* AVAILABLE DATA *
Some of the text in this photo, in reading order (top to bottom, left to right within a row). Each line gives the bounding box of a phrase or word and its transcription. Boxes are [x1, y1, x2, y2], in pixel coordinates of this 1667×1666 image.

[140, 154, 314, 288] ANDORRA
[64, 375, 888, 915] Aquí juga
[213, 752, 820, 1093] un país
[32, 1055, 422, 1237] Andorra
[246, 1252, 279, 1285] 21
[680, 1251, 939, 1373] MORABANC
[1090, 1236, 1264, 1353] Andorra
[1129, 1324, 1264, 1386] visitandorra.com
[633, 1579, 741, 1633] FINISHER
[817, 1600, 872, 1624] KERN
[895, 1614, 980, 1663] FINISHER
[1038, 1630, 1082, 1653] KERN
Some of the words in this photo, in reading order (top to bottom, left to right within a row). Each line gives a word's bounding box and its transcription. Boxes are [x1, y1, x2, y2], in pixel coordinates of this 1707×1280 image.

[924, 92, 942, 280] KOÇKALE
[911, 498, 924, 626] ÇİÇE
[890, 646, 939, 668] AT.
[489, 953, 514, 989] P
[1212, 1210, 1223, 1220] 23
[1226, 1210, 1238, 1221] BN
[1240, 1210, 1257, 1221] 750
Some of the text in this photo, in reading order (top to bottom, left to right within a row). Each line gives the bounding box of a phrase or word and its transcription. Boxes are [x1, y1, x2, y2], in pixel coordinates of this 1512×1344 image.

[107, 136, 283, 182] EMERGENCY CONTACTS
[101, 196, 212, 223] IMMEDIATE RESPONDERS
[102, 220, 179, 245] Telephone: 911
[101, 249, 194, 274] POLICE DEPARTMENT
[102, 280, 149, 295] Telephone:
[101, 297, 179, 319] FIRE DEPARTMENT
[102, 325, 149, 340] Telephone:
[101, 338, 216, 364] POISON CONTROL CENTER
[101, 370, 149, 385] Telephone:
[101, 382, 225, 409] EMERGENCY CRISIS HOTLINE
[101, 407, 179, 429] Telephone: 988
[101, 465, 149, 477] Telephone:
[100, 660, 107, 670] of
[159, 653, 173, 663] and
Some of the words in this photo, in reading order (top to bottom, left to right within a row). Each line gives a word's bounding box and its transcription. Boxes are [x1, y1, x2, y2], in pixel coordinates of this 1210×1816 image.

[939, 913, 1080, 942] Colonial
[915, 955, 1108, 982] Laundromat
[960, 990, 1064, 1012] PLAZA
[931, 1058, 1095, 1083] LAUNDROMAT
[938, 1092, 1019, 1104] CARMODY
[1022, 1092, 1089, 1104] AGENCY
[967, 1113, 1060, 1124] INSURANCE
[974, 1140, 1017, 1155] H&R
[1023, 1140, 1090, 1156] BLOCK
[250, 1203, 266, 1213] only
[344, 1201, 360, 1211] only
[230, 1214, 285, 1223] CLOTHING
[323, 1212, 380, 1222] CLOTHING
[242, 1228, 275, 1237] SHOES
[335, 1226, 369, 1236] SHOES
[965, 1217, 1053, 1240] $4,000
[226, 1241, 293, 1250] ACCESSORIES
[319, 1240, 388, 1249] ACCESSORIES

* PROBLEM TO WORK ON *
Reproduce every record, matching each line exactly.

* RESPONSE BELOW *
Some of the text in this photo, in reading order (top to bottom, left to right within a row). Each line gives the bounding box of a phrase or word and its transcription. Boxes are [x1, y1, x2, y2], in pixel coordinates of this 1667×1666 image.

[140, 154, 314, 288] ANDORRA
[64, 375, 888, 915] Aquí juga
[213, 752, 820, 1093] un país
[32, 1055, 422, 1237] Andorra
[246, 1252, 279, 1285] 21
[680, 1251, 939, 1373] MORABANC
[1090, 1236, 1264, 1353] Andorra
[1129, 1324, 1264, 1386] visitandorra.com
[633, 1579, 741, 1633] FINISHER
[817, 1600, 872, 1624] KERN
[895, 1614, 980, 1663] FINISHER
[1038, 1630, 1082, 1653] KERN
Some of the words in this photo, in reading order (top to bottom, left to right within a row). Each line gives a word's bounding box and its transcription. Boxes are [x1, y1, x2, y2], in pixel coordinates of this 1707×1280 image.

[924, 92, 942, 280] KOÇKALE
[911, 498, 924, 626] ÇİÇE
[890, 646, 939, 668] AT.
[489, 953, 514, 989] P
[1212, 1210, 1223, 1220] 23
[1226, 1210, 1238, 1221] BN
[1240, 1210, 1257, 1221] 750
Some of the text in this photo, in reading order (top to bottom, left to right within a row). Each line gives the bounding box of a phrase or word and its transcription. Boxes are [x1, y1, x2, y2], in pixel coordinates of this 1512×1344 image.

[107, 136, 283, 182] EMERGENCY CONTACTS
[101, 196, 212, 223] IMMEDIATE RESPONDERS
[102, 220, 179, 245] Telephone: 911
[101, 249, 194, 274] POLICE DEPARTMENT
[102, 280, 149, 295] Telephone:
[101, 297, 179, 319] FIRE DEPARTMENT
[102, 325, 149, 340] Telephone:
[101, 338, 216, 364] POISON CONTROL CENTER
[101, 370, 149, 385] Telephone:
[101, 382, 225, 409] EMERGENCY CRISIS HOTLINE
[101, 407, 179, 429] Telephone: 988
[101, 465, 149, 477] Telephone:
[100, 660, 107, 670] of
[159, 653, 173, 663] and
Some of the words in this photo, in reading order (top to bottom, left to right within a row). Each line gives a word's bounding box and its transcription. Boxes are [x1, y1, x2, y2], in pixel coordinates of this 1210×1816 image.

[939, 913, 1080, 942] Colonial
[915, 955, 1108, 982] Laundromat
[960, 990, 1064, 1012] PLAZA
[931, 1058, 1095, 1083] LAUNDROMAT
[938, 1092, 1019, 1104] CARMODY
[1022, 1092, 1089, 1104] AGENCY
[967, 1113, 1060, 1124] INSURANCE
[974, 1140, 1017, 1155] H&R
[1023, 1140, 1090, 1156] BLOCK
[250, 1203, 266, 1213] only
[344, 1201, 360, 1211] only
[230, 1214, 285, 1223] CLOTHING
[323, 1212, 380, 1222] CLOTHING
[242, 1228, 275, 1237] SHOES
[335, 1226, 369, 1236] SHOES
[965, 1217, 1053, 1240] $4,000
[226, 1241, 293, 1250] ACCESSORIES
[319, 1240, 388, 1249] ACCESSORIES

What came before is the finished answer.